Perhaps it is this Arcadian pre-industrial vision – together with his church paintings and love of old-fashioned guidebooks – that mark him out today as a traditionally British artist.

Towner's bright and thoughtful exhibition both confirms and contradicts this notion by charting a fascinating path through a development characterised by an extraordinary eclecticism and a sense of adventure.

Piper embraced everything from TV programmes and stage sets to ceramics and stained glass but in his early years, during the 1920s and 1930s, he absorbed the new ideas of the School of Paris artists, marvelled at the set designs of the Ballet Russes and became fascinated by the collages of Picasso.

The 100-odd pieces on show here reveal how he reconciled these and other "foreign" influences with the joyful Englishness he found in the architecture and landscapes of Kent and Sussex.

The first room, jauntily titled A Trip to the Seaside, references the 1936 BBC film of the same name. In it, Piper and his wife Myfanwy presented a quintessentially 1930s concoction of shipping forecasts, shots of Brighton pier, paintings by Paul Nash and imaginative constructions made of seaweed and stones.

This raw but vibrant melange of medium and materials is echoed by the paintings on the walls. Harbour sides are glimpsed through windows decorated with paper doilies and abstract collages are rich with the nautical imagery of boats, buoys, foresails and flagstaffs.

Custom House (1930) with its sombre mixture of oil and sand on canvas rubs shoulders with abstract figurative works like Beach Scene (1933) and String Figures (1934) which reveal flashes of Picasso and Léger.

Views of Seaford Head (1933) and Newhaven (1934) boast cliff faces constructed from the torn pages of the New Statesman and The Nation. Elsewhere, fragments of tobacco packets, manuscripts and blotting paper combine with ink and brush to conjure pub signs, beaches and clouds. 

an abstract composition
Abstract Composition (1936)
© Estate of John Piper
The range of styles is palpable. Take, for example, the pure abstraction of Sea Buildings (1938) and compare it with the delicate watercolour washes of Hamsey Church (1939). Less than a year separates these wildly different paintings.

One constant was the English landscape and architecture.
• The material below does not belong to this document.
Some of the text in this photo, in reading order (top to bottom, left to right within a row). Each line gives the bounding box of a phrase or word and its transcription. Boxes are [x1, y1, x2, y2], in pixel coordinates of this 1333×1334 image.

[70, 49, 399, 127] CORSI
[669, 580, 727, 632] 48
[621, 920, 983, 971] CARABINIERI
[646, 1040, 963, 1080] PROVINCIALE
They remained Piper’s obsession and by the 1940s he had toned down the avant garde visual language and returned to painting recognisable objects – albeit ones afflicted by rustic dilapidation.

An archive section offers a glimpse into how he encountered this world and includes examples of his work with John Betjeman on the Shell Guides.
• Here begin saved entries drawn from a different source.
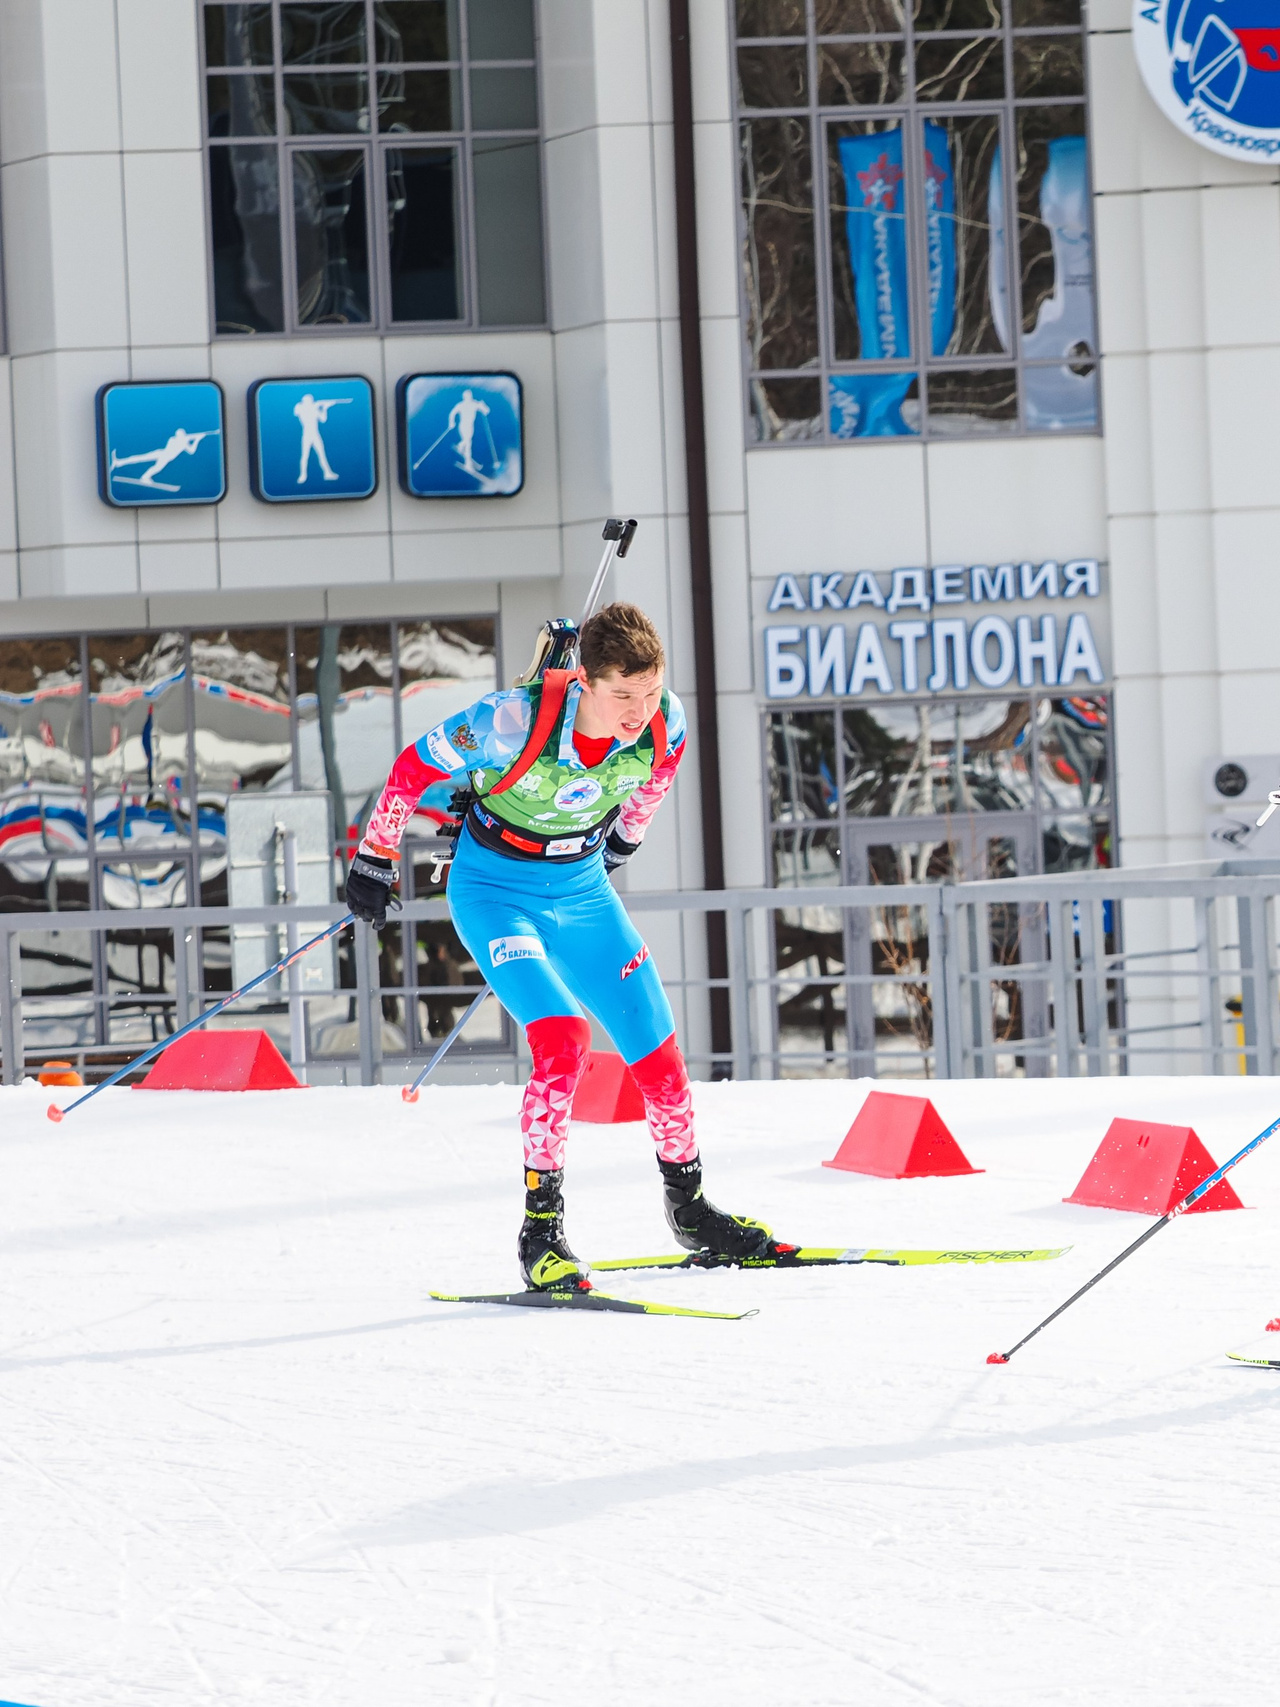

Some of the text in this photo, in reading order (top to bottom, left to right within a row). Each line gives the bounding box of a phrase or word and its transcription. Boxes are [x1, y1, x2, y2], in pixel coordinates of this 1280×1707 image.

[766, 558, 1100, 614] АКАДЕМИЯ
[763, 612, 1103, 698] БИАТЛОНА
[508, 948, 543, 959] GAZPROM
[937, 1250, 1034, 1260] FISCHER
[551, 1292, 573, 1301] FISCHER
There are also handmade travel guides, sketches, gouaches, notebooks and even his Hasselblad 120mm camera which he used to capture the timeless charms of southern England.

Returning to the paintings made after Piper had abandoned his forays into full abstraction, it's interesting to glimpse the trace signs of his former avant-garde leanings, buried beneath the foliage and the ruins of his favourite churches.

Visitors might also recognise in them the keen and often poetic visual language that he employed as a war artist capturing the ruins of blitzed Britain.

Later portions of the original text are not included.